Records for processing:
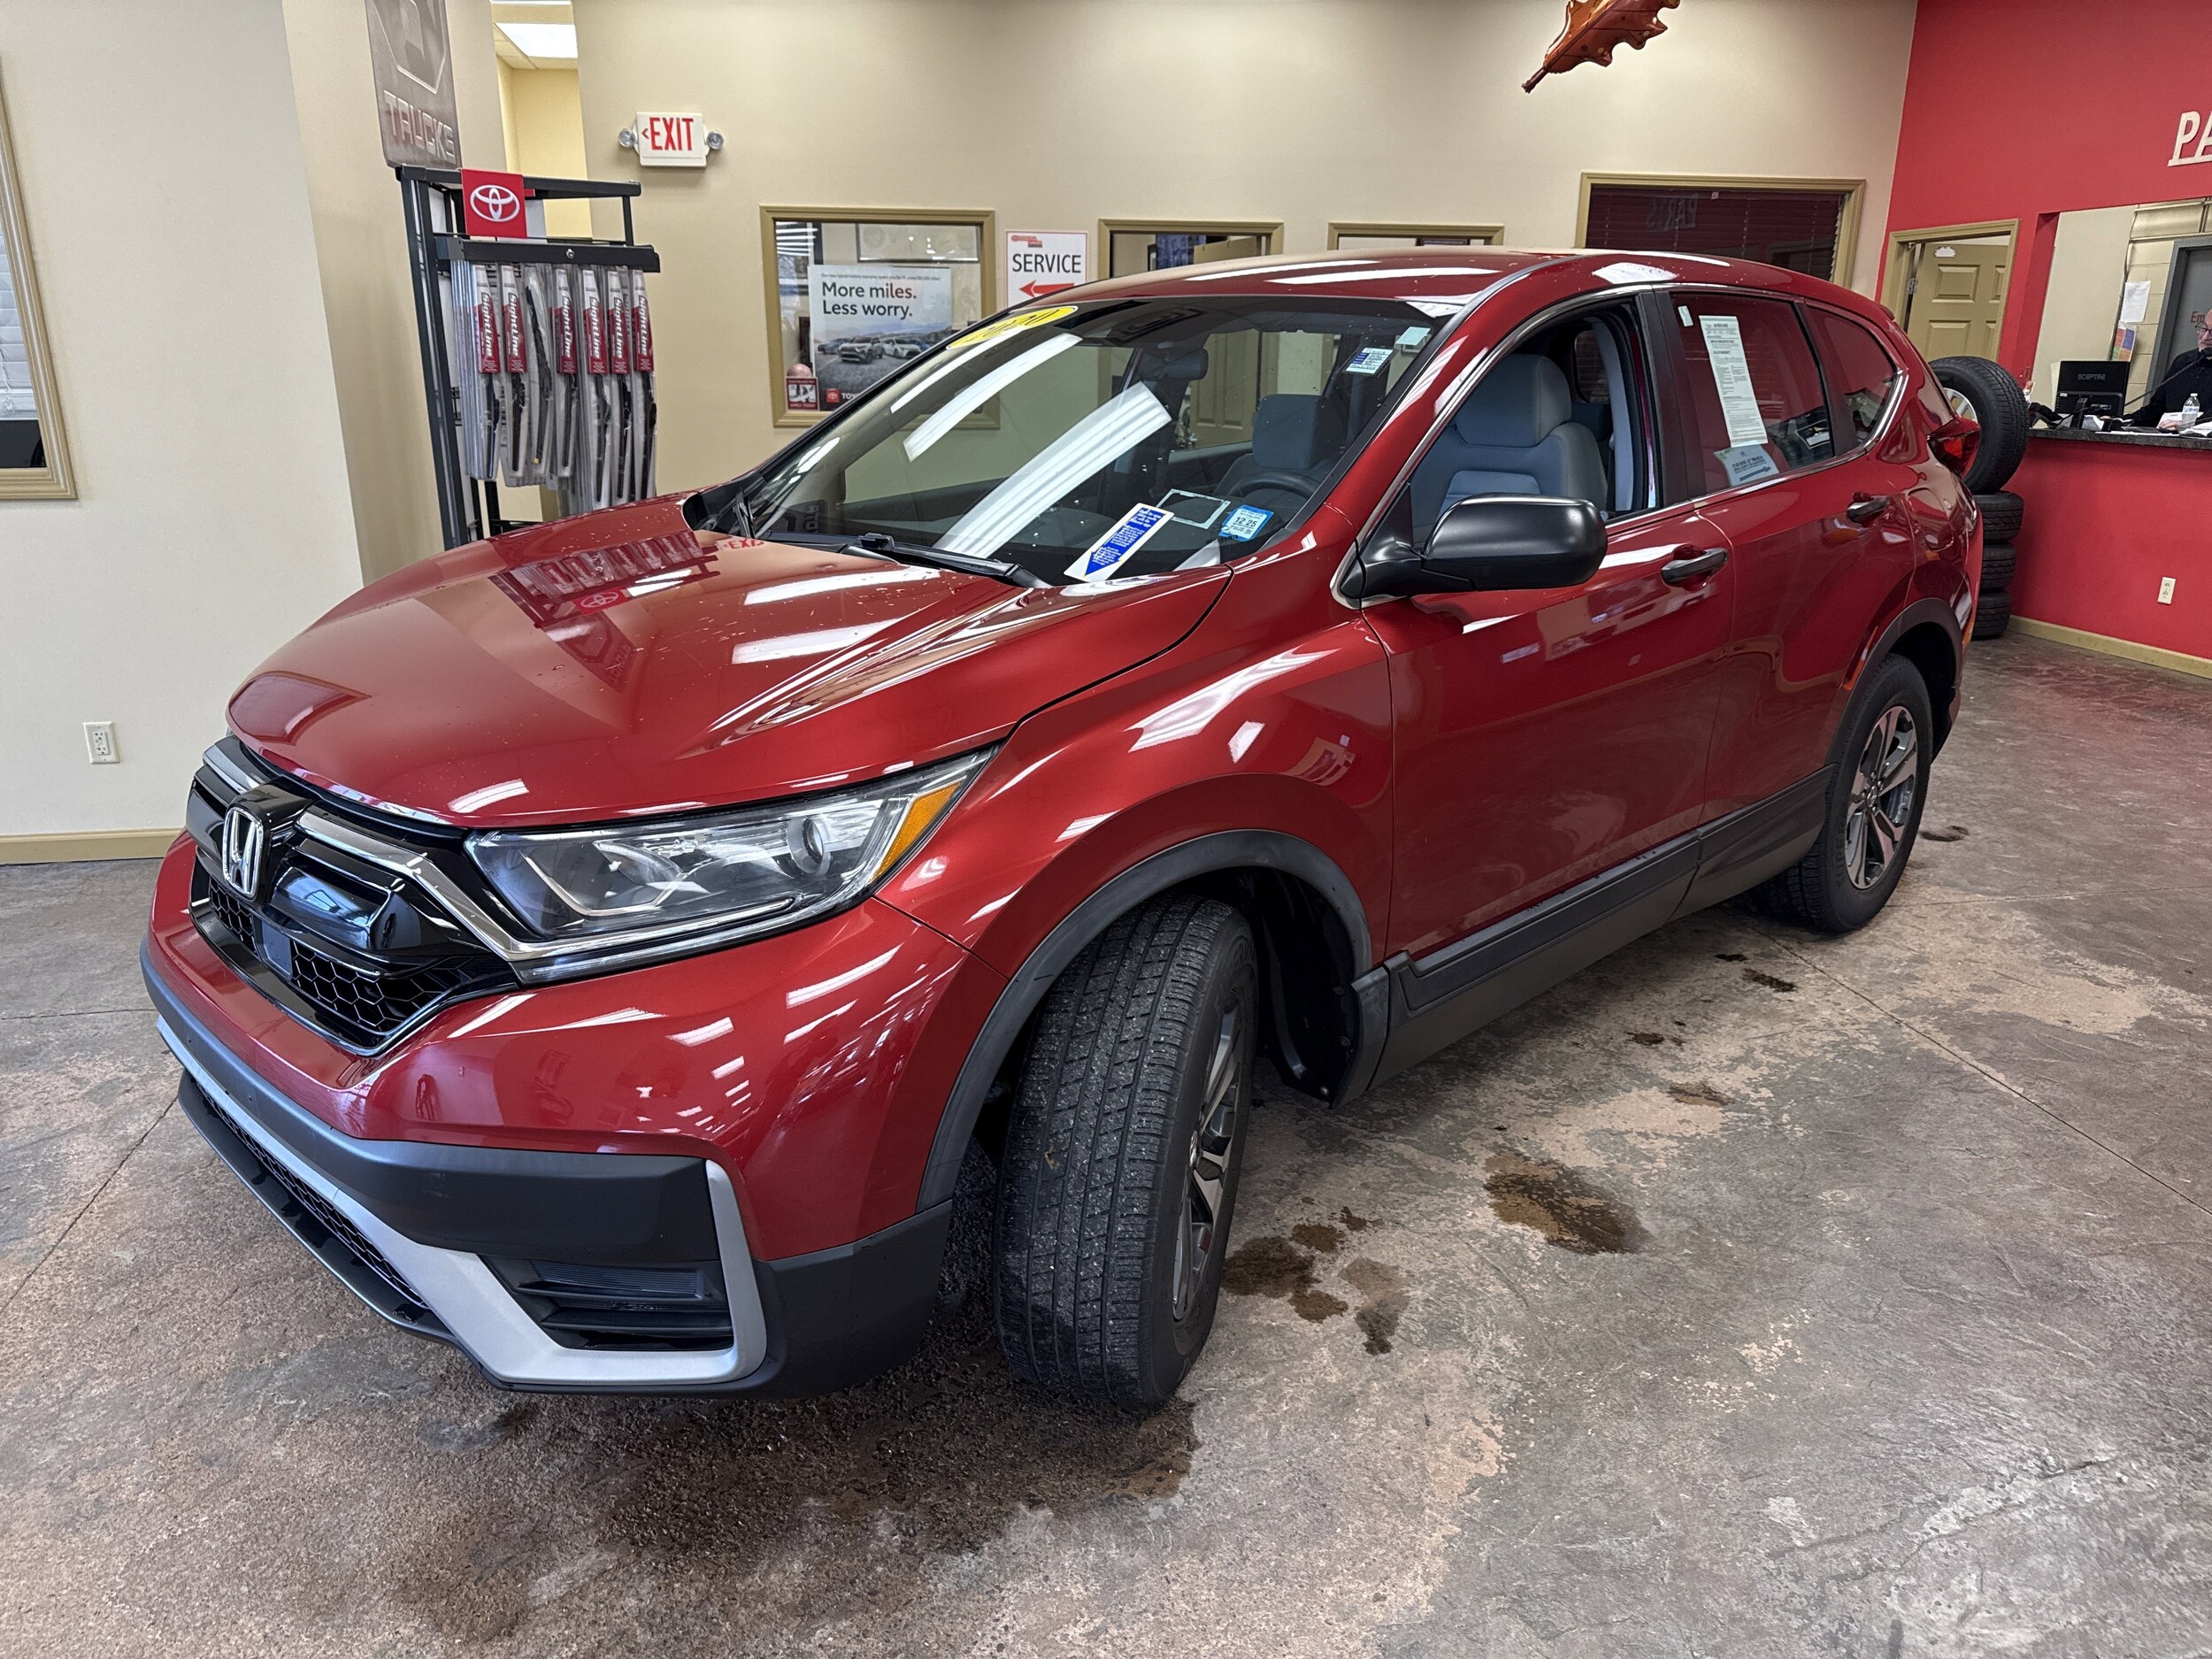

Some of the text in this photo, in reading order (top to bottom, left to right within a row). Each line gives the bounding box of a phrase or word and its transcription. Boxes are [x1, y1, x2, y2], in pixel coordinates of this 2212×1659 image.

[383, 89, 457, 165] TRUCKS
[649, 116, 695, 151] EXIT
[822, 281, 918, 299] More miles.
[1012, 253, 1081, 273] SERVICE
[481, 292, 493, 357] SightLine
[508, 292, 519, 357] SightLine
[590, 296, 601, 358] SightLine
[614, 296, 624, 359] SightLine
[638, 295, 649, 356] SightLine
[823, 299, 913, 320] Less worry.
[1235, 517, 1258, 528] 12 25

Exercise instructions: The whole of the data needs to be copied word for word, though not its pictures.

Exercise solution:
Some of the text in this photo, in reading order (top to bottom, left to right within a row). Each line gives the bounding box of a phrase or word and its transcription. Boxes are [x1, y1, x2, y2], in pixel coordinates of this 2212×1659 image.

[383, 89, 457, 165] TRUCKS
[649, 116, 695, 151] EXIT
[822, 281, 918, 299] More miles.
[1012, 253, 1081, 273] SERVICE
[481, 292, 493, 357] SightLine
[508, 292, 519, 357] SightLine
[590, 296, 601, 358] SightLine
[614, 296, 624, 359] SightLine
[638, 295, 649, 356] SightLine
[823, 299, 913, 320] Less worry.
[1235, 517, 1258, 528] 12 25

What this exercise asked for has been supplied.